Stereotypes about the Ottoman Empire—as Europe’s eternal enemy, as isolated oriental despotism, as belated modernizer, or as passive recipient of western designs—have been slow to die. While the last two generations of scholars have placed domestic Ottoman social, economic, cultural, and political history in a global context, and have questioned Orientalist assumptions, Ottoman interactions with other states and societies have only just begun to receive a similar treatment. Nowhere is this more notable than in the field of international law, even though law mediated, shaped, and responded to the interactions between Ottomans and others at every level. This panel represents an initial attempt to address that lacuna, presenting four case studies of how the Ottoman state and Ottoman subjects negotiated, and constructed, legal relationships across political boundaries.

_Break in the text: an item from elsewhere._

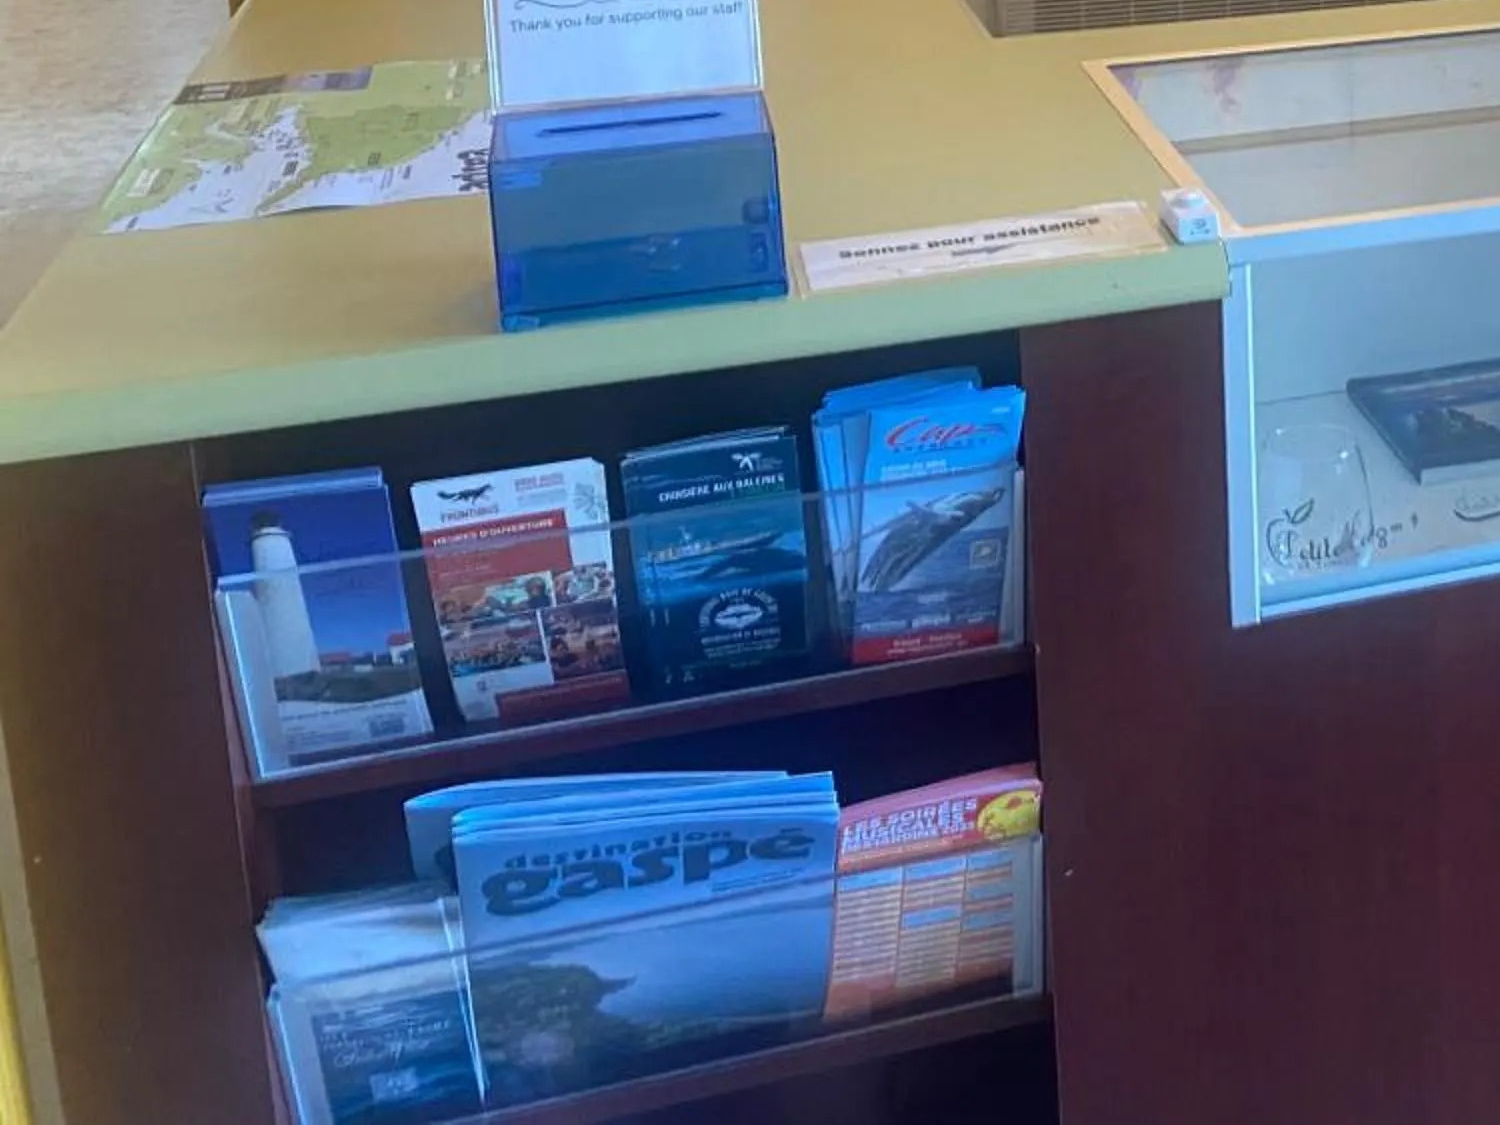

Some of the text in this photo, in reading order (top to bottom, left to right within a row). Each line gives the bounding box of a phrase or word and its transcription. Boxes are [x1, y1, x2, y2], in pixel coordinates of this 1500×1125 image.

[509, 0, 744, 34] Thank you for supporting our staff
[983, 216, 1101, 243] assistance
[481, 826, 816, 916] gaspé

These case studies shed light not only for Middle Eastern history, but also on the history of international law itself. This field has grown in recent years, as globalization has raised questions about the legitimacy of a body of law long seen as the exclusive creation of western Europe. While generations of scholars regarded international law as a universalist project, intended unproblematically to benefit humanity, scholars such as Lauren Benton, Anthony Anghie, and Jennifer Pitts have argued that law and imperialism were deeply intertwined. Yet their stories all still feature Europeans as the principal actors; we have few studies of how non-Europeans conceptualized, negotiated, used, and shaped international law.

The four papers in this panel do that, using detailed archival research to cast the Ottoman state and its officials as active agents in using and shaping international law, through negotiations with foreign states and non-state actors. The papers span the empire—from the Mediterranean to Arabia, from North Africa to the Black Sea, and from the fifteenth century to the twentieth.

The panel begins with two papers set in the Mediterranean and Black Seas. In the early modern era, the Ottoman and Venetian Empires worked out a pragmatic, negotiated, and robust legal framework to control the piracy that threatened both states’ interests. Centuries later, Ottoman-Russian clashes raised new questions about neutrality, subjecthood, and the status of prisoners of war. The resulting negotiations produced rules that foreshadowed developments in the western European law of war.

As western European empires gained power in the nineteenth century, the Ottoman state’s geopolitical position eroded. Yet the third and fourth papers show that, both on the imperial periphery of the Sudan, and in the symbolically vital Holy Cities, the Ottoman state was entirely capable of using law to assert its interests and to involve itself in inter-imperial struggles. These debates expose the workings of international law, and the conflicted implications of sovereignty, in an era of imperial expansion.

The four papers thus open new perspectives on Middle Eastern history and on the development of international law. Firmly grounded in historical scholarship, but informed by the disciplinary concerns of legal scholars as well, the panel discusses larger questions of interest to global historians.